WHAT NEEDS TO BE DONE:
Here the job is to copy the data exactly and to exclude every image from it.

+--

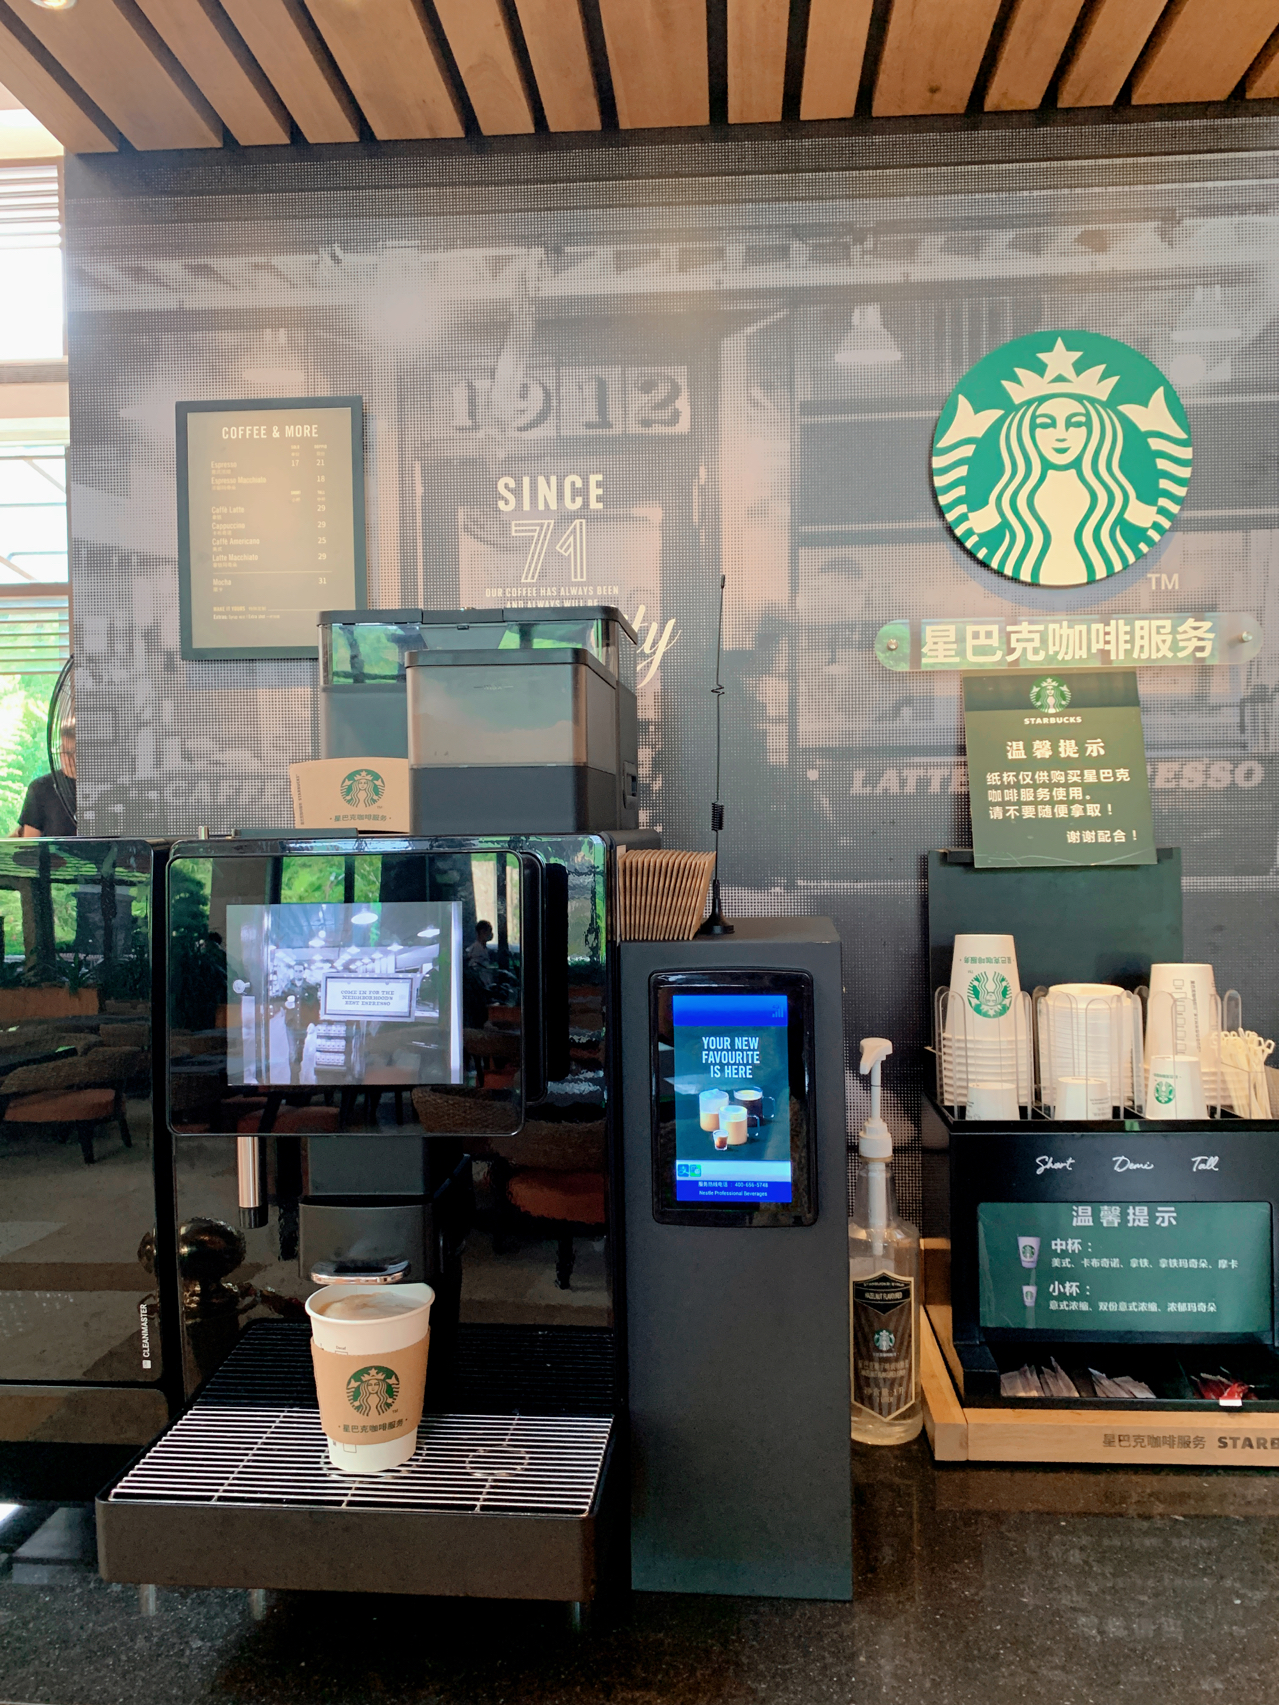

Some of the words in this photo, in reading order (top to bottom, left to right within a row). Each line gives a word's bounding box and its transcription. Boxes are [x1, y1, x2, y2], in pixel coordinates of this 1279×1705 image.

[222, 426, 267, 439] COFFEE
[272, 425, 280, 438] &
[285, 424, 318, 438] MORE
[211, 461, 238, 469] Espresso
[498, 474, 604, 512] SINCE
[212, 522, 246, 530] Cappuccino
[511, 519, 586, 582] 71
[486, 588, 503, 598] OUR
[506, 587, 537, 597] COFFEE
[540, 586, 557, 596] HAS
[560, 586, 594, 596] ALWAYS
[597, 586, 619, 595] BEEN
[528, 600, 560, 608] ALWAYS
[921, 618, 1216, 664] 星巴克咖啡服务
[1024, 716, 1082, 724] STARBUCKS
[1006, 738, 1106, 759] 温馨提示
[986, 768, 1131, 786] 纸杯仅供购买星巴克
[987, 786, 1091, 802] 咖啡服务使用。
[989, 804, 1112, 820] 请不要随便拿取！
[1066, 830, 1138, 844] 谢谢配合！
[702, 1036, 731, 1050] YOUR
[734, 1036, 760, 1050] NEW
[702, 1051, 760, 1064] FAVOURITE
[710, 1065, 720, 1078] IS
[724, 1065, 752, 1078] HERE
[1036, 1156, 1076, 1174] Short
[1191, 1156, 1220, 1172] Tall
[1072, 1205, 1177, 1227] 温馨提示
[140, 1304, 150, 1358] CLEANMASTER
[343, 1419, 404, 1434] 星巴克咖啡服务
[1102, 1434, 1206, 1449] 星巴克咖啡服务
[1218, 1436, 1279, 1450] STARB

+--

SOLUTION BELOW:
Some of the words in this photo, in reading order (top to bottom, left to right within a row). Each line gives a word's bounding box and its transcription. Boxes are [x1, y1, x2, y2], in pixel coordinates of this 1279×1705 image.

[222, 426, 267, 439] COFFEE
[272, 425, 280, 438] &
[285, 424, 318, 438] MORE
[211, 461, 238, 469] Espresso
[498, 474, 604, 512] SINCE
[212, 522, 246, 530] Cappuccino
[511, 519, 586, 582] 71
[486, 588, 503, 598] OUR
[506, 587, 537, 597] COFFEE
[540, 586, 557, 596] HAS
[560, 586, 594, 596] ALWAYS
[597, 586, 619, 595] BEEN
[528, 600, 560, 608] ALWAYS
[921, 618, 1216, 664] 星巴克咖啡服务
[1024, 716, 1082, 724] STARBUCKS
[1006, 738, 1106, 759] 温馨提示
[986, 768, 1131, 786] 纸杯仅供购买星巴克
[987, 786, 1091, 802] 咖啡服务使用。
[989, 804, 1112, 820] 请不要随便拿取！
[1066, 830, 1138, 844] 谢谢配合！
[702, 1036, 731, 1050] YOUR
[734, 1036, 760, 1050] NEW
[702, 1051, 760, 1064] FAVOURITE
[710, 1065, 720, 1078] IS
[724, 1065, 752, 1078] HERE
[1036, 1156, 1076, 1174] Short
[1191, 1156, 1220, 1172] Tall
[1072, 1205, 1177, 1227] 温馨提示
[140, 1304, 150, 1358] CLEANMASTER
[343, 1419, 404, 1434] 星巴克咖啡服务
[1102, 1434, 1206, 1449] 星巴克咖啡服务
[1218, 1436, 1279, 1450] STARB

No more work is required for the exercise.